We conducted a retrospective genomic analysis on C. perfringens isolates obtained from faecal samples of 70 neonatal patients admitted to NICUs at hospitals A, B, C, D and E, respectively, in the UK between February 2011 and March 2016 (Supplementary Table 2). All cohort data and sequenced microbiota profiles can be accessed in the original clinical study publications; most samples were sequenced via 16S ribosomal RNA or metagenomic sequencing as per the original studies/publications in which the colonization dynamics had already been reported and discussed22,59,69. Dates of hospital admission and transfers were extracted electronically. Faecal samples collected were stored at −80 °C in a freezer before the experimental process to isolate C. perfringens using the ethanol-shock method (50% ethanol in Robertson’s cooked meat medium), followed by plating on fastidious anaerobic agar supplemented with defibrinated sheep blood and 0.1% sodium taurocholate; alternatively, faecal samples were plated directly on tryptose–sulfite–cycloserine egg yolk agar (TSC-EYA) before 37 °C anaerobic incubation for 18–24 h (ref. 70). Multiple or single distinct colonies on the plates were purified and maintained as pure isolates in autoclaved brain–heart infusion (BHI) broth with 30% glycerol for cryopreservation at −80 °C. Subjects without C. perfringens were defined as C. perfringens negative by culturing. We predefined CPA-NEC in the present study as definite NEC diagnosis (Bell stage II/III) with overabundant C. perfringens before NEC onset (Bell’s staging classification system: Bell stage II/III is considered to be definite NEC whereas Bell stage I covers non-specific signs) as described in Sim et al.22. This was a 2-year microbiota study that involved a cohort of >350 infants, with 4 CPA-NEC cases who showed statistically enriched C. perfringens before NEC onset in longitudinal samples (by comparing with samples from aged-matched non-NEC preterm infants), although CPA-NEC strains were the isolates collected at the final time points before disease onset.

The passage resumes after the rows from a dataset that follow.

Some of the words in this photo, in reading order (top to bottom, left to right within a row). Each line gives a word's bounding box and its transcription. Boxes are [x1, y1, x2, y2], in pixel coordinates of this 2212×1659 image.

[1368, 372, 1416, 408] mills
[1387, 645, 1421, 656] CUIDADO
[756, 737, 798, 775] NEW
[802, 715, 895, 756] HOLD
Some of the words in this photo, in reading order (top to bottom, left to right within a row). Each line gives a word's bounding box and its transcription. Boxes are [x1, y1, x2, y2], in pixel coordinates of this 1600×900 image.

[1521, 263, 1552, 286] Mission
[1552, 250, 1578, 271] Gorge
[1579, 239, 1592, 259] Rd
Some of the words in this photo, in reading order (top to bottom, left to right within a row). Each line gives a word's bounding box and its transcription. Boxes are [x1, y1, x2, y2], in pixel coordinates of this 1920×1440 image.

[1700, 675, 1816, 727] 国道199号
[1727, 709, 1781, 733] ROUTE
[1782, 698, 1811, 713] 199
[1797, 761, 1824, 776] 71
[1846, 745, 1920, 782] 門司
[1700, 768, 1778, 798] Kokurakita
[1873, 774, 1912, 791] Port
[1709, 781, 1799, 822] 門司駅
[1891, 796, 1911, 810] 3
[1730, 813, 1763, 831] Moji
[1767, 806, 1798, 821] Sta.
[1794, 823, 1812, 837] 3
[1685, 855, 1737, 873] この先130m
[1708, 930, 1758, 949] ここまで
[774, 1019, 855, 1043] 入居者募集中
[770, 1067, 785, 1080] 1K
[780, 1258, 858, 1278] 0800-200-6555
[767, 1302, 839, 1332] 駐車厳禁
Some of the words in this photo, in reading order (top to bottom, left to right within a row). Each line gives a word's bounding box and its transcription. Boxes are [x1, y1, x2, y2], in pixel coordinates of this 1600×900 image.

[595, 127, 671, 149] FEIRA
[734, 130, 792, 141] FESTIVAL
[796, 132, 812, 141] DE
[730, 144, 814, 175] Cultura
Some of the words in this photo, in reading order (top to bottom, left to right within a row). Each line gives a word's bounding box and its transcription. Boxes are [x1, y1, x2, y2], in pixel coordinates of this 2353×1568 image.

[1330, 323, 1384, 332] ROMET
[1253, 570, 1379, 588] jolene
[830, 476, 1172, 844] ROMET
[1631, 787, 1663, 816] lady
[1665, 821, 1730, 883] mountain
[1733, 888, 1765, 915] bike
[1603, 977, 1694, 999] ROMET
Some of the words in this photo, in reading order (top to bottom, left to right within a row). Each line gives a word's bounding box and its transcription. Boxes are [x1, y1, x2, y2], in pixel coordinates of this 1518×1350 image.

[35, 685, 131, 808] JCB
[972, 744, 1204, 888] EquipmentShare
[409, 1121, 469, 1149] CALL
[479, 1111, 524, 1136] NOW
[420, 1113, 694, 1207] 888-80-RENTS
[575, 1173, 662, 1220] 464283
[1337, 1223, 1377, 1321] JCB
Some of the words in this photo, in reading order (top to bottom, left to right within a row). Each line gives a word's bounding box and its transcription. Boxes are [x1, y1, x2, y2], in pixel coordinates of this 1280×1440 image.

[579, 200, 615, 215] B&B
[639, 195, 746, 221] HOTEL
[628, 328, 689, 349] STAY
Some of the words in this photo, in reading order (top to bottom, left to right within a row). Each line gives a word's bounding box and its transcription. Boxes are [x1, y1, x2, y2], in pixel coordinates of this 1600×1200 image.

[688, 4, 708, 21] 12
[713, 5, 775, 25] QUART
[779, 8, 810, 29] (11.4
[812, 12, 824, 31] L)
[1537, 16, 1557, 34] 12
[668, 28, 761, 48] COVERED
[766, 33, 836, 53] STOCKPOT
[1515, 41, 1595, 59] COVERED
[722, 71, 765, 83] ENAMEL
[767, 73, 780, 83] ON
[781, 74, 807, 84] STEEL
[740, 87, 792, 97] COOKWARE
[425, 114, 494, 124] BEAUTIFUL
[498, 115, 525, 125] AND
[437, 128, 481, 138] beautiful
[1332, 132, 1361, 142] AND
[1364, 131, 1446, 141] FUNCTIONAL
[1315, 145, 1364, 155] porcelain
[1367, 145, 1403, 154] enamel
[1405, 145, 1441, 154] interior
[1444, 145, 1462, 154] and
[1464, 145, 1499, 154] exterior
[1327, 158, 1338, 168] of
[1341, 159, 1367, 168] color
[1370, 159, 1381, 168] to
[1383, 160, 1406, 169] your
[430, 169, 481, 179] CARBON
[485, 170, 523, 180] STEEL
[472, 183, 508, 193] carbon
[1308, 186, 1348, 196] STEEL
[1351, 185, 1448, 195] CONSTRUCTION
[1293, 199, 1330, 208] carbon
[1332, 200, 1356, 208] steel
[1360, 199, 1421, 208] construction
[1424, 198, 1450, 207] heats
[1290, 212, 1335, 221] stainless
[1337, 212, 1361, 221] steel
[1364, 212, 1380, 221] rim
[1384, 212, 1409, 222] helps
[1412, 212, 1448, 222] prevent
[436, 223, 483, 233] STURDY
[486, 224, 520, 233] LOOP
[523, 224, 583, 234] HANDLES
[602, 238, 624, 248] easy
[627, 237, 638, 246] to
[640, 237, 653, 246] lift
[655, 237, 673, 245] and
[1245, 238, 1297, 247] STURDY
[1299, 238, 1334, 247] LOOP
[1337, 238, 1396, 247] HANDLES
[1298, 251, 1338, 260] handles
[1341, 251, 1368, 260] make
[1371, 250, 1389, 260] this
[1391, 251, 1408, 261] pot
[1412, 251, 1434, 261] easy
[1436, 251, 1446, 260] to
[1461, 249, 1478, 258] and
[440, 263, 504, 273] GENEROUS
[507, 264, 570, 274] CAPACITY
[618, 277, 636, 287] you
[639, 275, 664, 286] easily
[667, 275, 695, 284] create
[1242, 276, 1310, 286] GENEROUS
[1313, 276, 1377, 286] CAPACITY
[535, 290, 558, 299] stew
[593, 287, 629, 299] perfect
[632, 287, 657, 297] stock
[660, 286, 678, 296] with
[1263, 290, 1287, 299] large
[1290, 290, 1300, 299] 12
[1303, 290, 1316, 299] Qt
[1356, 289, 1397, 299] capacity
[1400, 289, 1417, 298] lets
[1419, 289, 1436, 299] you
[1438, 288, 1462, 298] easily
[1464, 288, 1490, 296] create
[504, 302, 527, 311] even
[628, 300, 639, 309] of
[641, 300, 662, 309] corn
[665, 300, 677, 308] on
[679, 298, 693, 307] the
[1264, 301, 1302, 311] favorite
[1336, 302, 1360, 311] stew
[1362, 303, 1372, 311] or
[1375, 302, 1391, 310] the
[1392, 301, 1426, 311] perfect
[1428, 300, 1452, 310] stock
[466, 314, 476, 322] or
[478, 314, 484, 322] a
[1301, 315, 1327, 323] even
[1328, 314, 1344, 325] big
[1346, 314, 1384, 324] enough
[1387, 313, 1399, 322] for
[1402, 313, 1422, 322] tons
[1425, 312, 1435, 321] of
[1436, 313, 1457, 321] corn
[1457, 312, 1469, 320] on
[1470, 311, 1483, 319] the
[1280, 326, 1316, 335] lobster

Genomic DNA extraction and WGS

Pure isolates were cultured anaerobically overnight at 37 °C in BHI broth (~10–15 h) for genomic DNA extraction using either the phenol–chloroform extraction method or FastDNA SPIN Kit for soil according to the manufacturer’s instructions (hospital E samples only; MP Biomedicals). For the phenol–chloroform extraction method71, briefly, overnight 10 ml of pure cultures in BHI was harvested, followed by resuspension of bacterial pellets in 2 ml of 25% sucrose in 10 mM Tris and 1 mM EDTA, pH 8.0. Cells were then enzymatically lysed using 50 μl of lysozyme, 100 mg ml−1 (Roche). Next, 100 μl of Proteinase K, 20 mg ml−1 (Roche), 30 μl of RNase A, 10 mg ml−1 (Roche), 400 μl of 0.5 M EDTA, pH 8.0 and 250 μl of 10% Sarkosyl NL30 (Thermo Fisher Scientific) were added accordingly into the lysed suspension. This was then followed by 1 h of ice incubation and a 50 °C water bath overnight. On the second day, three rounds of phenol–chloroform–isoamyl alcohol (Merck) extraction were performed using 15 ml of gel-lock tubes (QIAGEN). Chloroform–isoamyl alcohol (Merck) extraction was then carried out followed by ethanol precipitation and 70% ethanol wash (once). DNA pellets (usually visible) were finally resuspended in 200–300 μl of 10 mM Tris, pH 8.0 and stored at −20 °C until further analysis. WGS of each isolate sample was performed on Illumina HiSeq 2500 to generate 101 125-bp paired-end reads72. Isolate samples from hospital E were sequenced on Illumina NextSeq 500 to generate 150-bp paired-end reads.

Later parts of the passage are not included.